Hubiera estado bien que hiciéramos un picado en cualquier lugar donde había pasto, pero entre la dimensión diplomática en que estamos envueltos y el hecho de que los chinos no conocen el concepto de “picado“, terminaron organizando un partido como si fuéramos profesionales.
Del lado nuestro había dos pibes que la movían, pero el resto no teníamos idea o estábamos pasados de edad, ninguno con el mínimo entrenamiento.
Jugar en una cancha grande era un despropósito, un disparate que explica que el fútbol no tiene ninguna chance en China.
Un chileno y un uruguayo con un mínimo de sensatez dijeron que no iban a jugar ni locos. Con mi falta total de sensatez, me puse la camiseta de Boca y me metí en la cancha.
En dos semanas cumplo 60 años, en toda la pandemia no entrené, no solamente por la pandemia, sino porque hace dos años me encontraron unos problemas en la columna y me recomendaron caminar pero me prohibieron trotar.
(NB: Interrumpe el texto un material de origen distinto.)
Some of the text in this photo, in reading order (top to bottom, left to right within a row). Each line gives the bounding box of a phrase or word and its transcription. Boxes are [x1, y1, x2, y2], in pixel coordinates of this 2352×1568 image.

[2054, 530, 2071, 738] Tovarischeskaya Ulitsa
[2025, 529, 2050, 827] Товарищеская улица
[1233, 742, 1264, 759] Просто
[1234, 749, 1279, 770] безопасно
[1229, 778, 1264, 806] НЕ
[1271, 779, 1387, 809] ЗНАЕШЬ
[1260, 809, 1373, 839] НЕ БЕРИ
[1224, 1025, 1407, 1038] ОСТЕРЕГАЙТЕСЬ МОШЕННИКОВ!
Lo mismo me puse la camiseta con gran entusiasmo, cuando la realidad era que estaba para hacer como hacen esos presidentes muy viejos en la inauguración de un campeonato, que dan la patada inicial y se alejan del medio del campo con un bastón y ayudado por dos asistentes.
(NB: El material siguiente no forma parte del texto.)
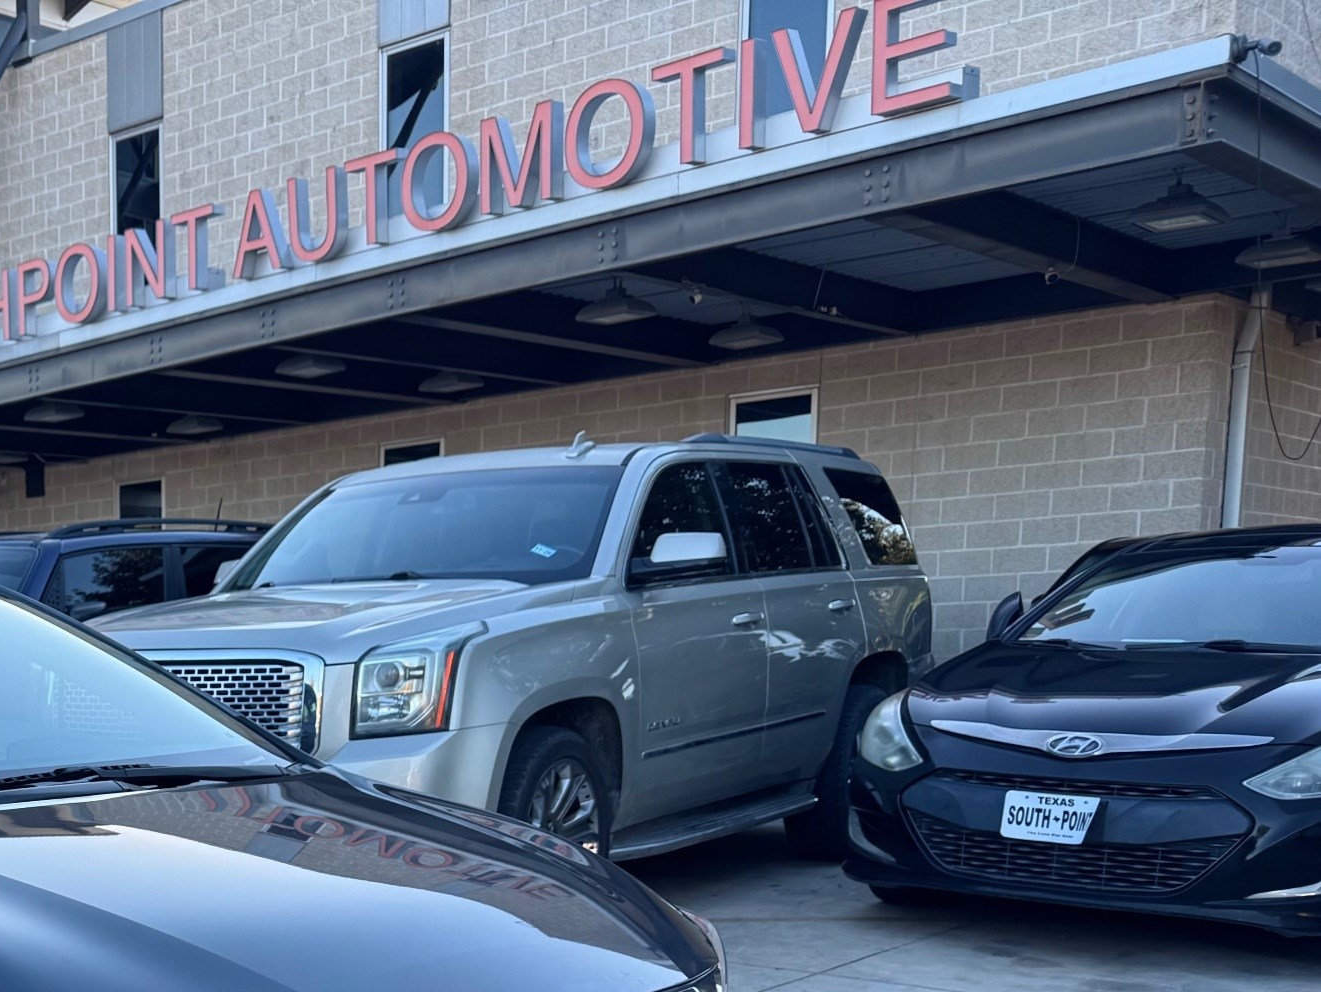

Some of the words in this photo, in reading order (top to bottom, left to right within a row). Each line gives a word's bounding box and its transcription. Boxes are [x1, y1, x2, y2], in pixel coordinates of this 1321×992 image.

[232, 0, 963, 280] AUTOMOTIVE
[1038, 796, 1075, 807] TEXAS
[1007, 805, 1052, 829] SOUTH
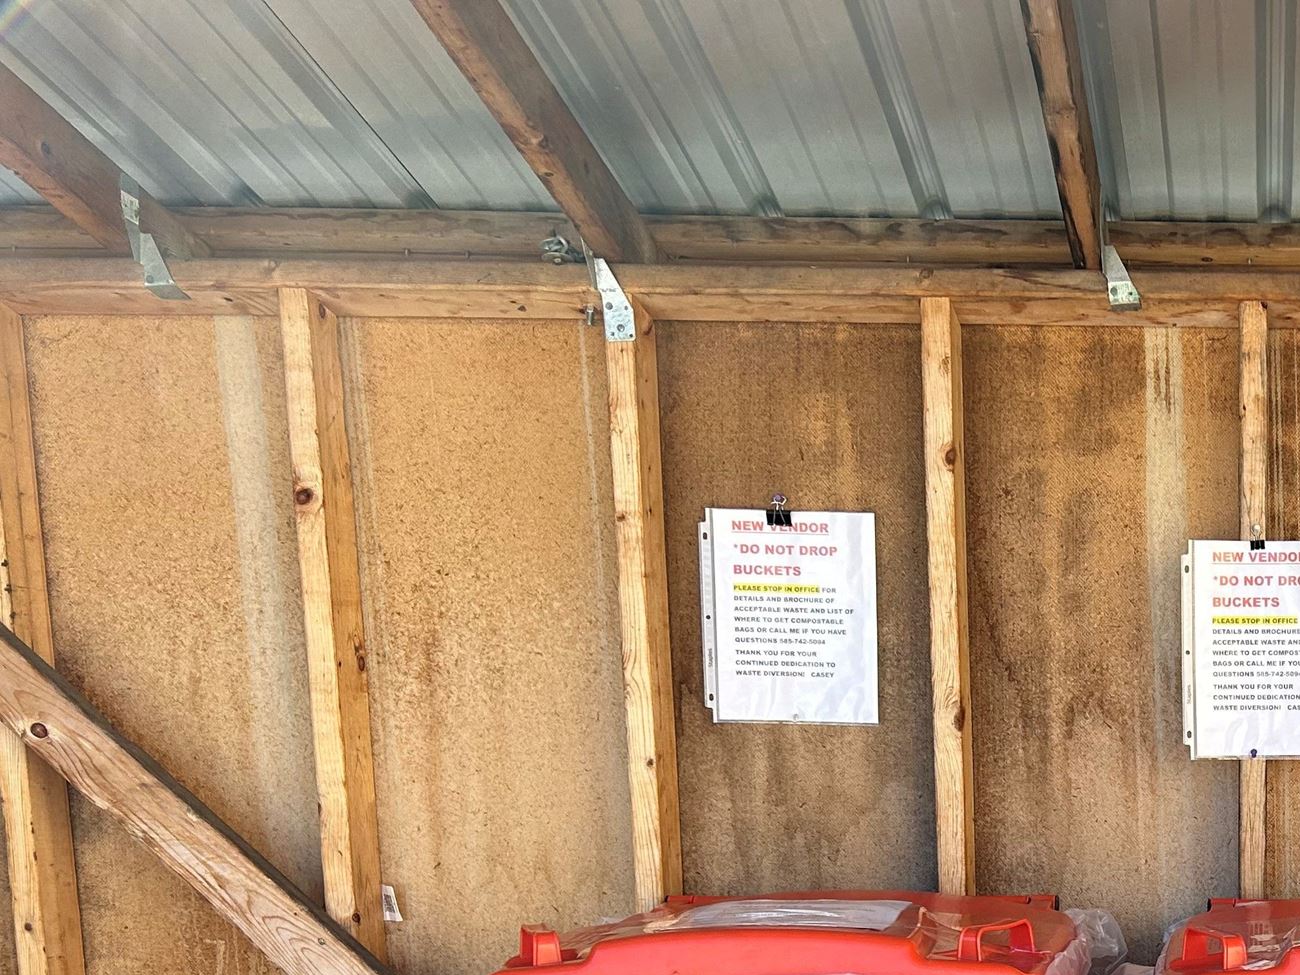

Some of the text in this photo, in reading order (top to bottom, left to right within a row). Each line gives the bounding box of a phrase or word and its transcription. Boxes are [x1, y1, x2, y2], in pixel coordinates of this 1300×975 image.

[732, 521, 828, 533] NEW VENDOR
[766, 545, 794, 555] NOT
[800, 546, 837, 556] DROP
[1213, 552, 1243, 562] NEW
[734, 565, 801, 576] BUCKETS
[1244, 576, 1273, 586] NOT
[1213, 597, 1280, 607] BUCKETS
¿Por qué insisto en jugar al fútbol?
Porque un día quiero jugar bien (eso desde los 7, 11 años).
Porque algún día quiero meter un gol.
Porque un día quiero ser argentino.
Porque algún día quiero ganar.
En el partido de ayer, obviamente me lesioné.
Obviamente a los dos minutos. De la manera más tremenda —no solamente di con la punta de la clavícula de metal contra el piso, que encima no era de tierra y no absorbió el golpe, sino sobre todo, porque me caí solo.
¿Quiénes se caen solos?
Los demasiado torpes, pero sobre todo, los viejos.
Frase que hemos escuchado muchas veces sobre una abuela que vivía sola: “se cayó y se quebró la cadera“.
No puedo mover el brazo, la clavícula de metal me pegó contra las cervicales y no puedo mover el cuello ni la cabeza. Tengo como una pelota de rugby en todo el hombro. No quiero ni pensar lo que pasó ahí adentro, entre los tendones y las carnes que crecieron injertándose en el titanio.
Este es el precio por no querer aflojar. Muchos amigos se alegraron cuando les dije que venía a China, pero otro uruguayo, otro sensato, me dijo: “¿a qué vas otra vez?¿ No tenés suficiente?
¿No tengo suficiente?
No volveré a jugar al fútbol. No volveré hacer un deporte, salvo Tai Chi, o mejor aún, Damas.
Pero ¿qué voy a hacer con aquellas ganas de meter un gol?
Además, yo pasé vergüenza e hice el ridículo, pero el otro pibe argentino la descosió y ganamos 5 a 4.